Una volta scelta la caldaia e speso cifre importanti per l’acquisto di un elettrodomestico con funzionamento a condensazione classificato come Erp, scoprire che l’articolo comprato risulta molto rumoroso, non è mai piacevole. Cerchiamo quindi di capire perchè una caldaia a condensazione fa rumore, nonostante sia stata installata da poco tempo. Cominciamo con il dire che possiamo considerare una caldaia rumorosa quando produce un suono superiore ai 55 decibel (db).

Una caldaia da crociera

Quando sentiamo dei rumori fragorosi provenire dal balcone, luogo dove abbiamo montato la nostra caldaia condensing da esterno, talmente forti da far pensare ad una nave da crocera, significa che il nostro impianto di riscaldamento ha qualche problemino. Qualche rumorino è tollerato, sia chiaro, ma se l’intensità è pari a quella di uno shuttle in fase di decollo, meglio vederci a fondo e non pensare che si tratti di una percezione soggettiva. Il suono eccessivo, facilmente distinguibile anche ad una certa distanza, sottolinea degli errori che, a seconda delle caratteristiche, possiamo imparare a riconoscere e quindi risolvere. Anche la posizione in cui è stata montata la caldaia a gas condensing può influire sul suo livello di risonanza. Non sono pochi i casi in cui alcuni utenti hanno compreso come fosse la vicinanza con il camino e la cappa a creare l’effetto di amplificazione. 

Le cause del rumore

Quando le caldaie a condensazione risultano chiassose, una volta accese, con l’intento di irradiare acqua calda nelle tubature di casa, dipenderà dall’errata pendenza del tubo di scarico di condensa. Un’altra ragione in grado di aumentare i rumori interni della caldaia può essere legata a qualcosa che amplifica le vibrazioni del prodotto, come nel caso in cui vengano usati dei tubi corugati flessibili in acciaio, capaci di produrre molto più fracasso di quelli normali. 

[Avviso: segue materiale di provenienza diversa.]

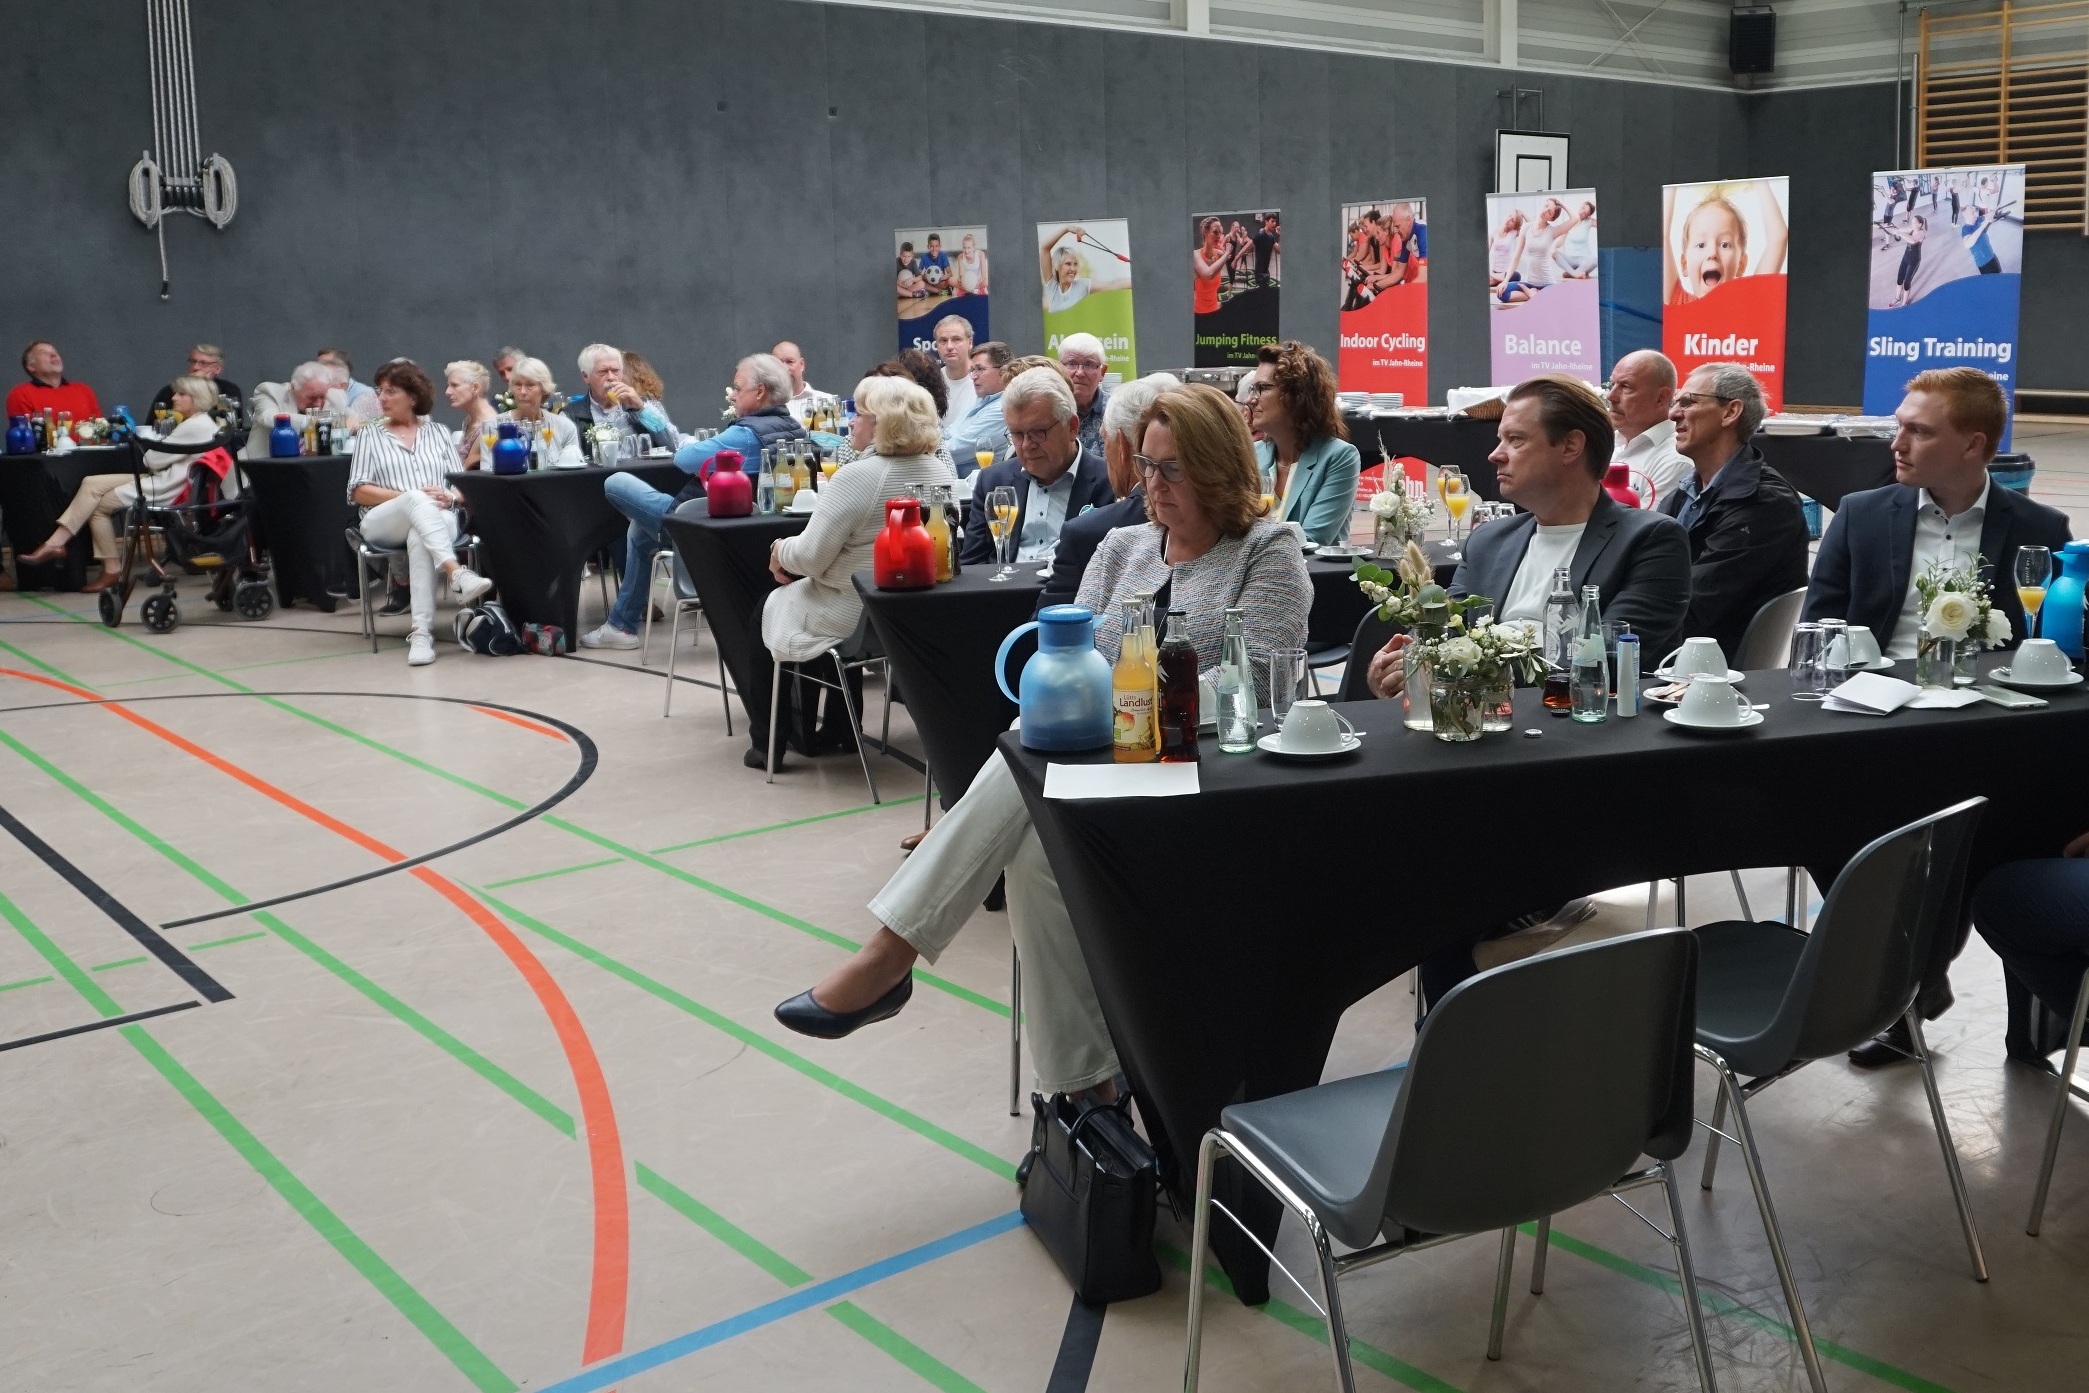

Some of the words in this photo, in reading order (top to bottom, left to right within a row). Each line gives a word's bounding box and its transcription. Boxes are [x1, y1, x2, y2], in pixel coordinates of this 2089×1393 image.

Gocciolio da cattiva manutenzione

Aver cura della caldaia è un dovere imprescindibile, se si ha intenzione di far durare la calaia a condensazione a lungo, indipendentemente dalla resistenza offerta da alcune marche e dalle forme di garanzie in fase di vendita. Ad ogni modo, sarà buona regola, posizionare un filtro magnetico con funzione depurante in entrata dal tubo principale della caldaia affinchè l’acqua scambiata risulti sempre pulita e priva di residui pericolosi. Le reti idriche domestiche mostrano solitamente dei livelli di calcare molto elevati, in grado di compromettere il regolare funzionamento, anche nel caso di una caldaia ErP. Questo accessorio di filtraggio dovrebbe essere, in verità, già posizionato in fase di installazione da parte di un tecnico caldaista, anche se ci si rende conto del suo valore e della sua utilità, soltanto quando la caldaia a gas presenta dei problemi di rumorosità e capiamo che questo possa dipendere dal calcare che ha ostruito l’azione dello scambiatore principale. Molti utenti segnalano anche come l’origine della vibrazione possa dipendere dalla mancata regolazione dell’elettrovalvola nel vaso di espansione, incapace di gestire l’afflusso di acqua in maniera silenziosa. Questo difetto può essere collegato, ancora una volta, con la cattiva manutenzione dell’impianto, da parte degli idraulici, ma anche dei privati che sottovalutano gli effetti di un vaso di espansione pieno di sporcizia.

I casi più gravi

Sono quelli associati al cattivo funzionamento del circuito elettrico della caldaia. L’eccessivo brontolio dell’elettrodomestico ingombrante potrebbe infatti dipendere dalla centralina di controllo e non è escluso che, qualora fosse rotta o danneggiata, i soldi da spendere non saranno proprio pochi.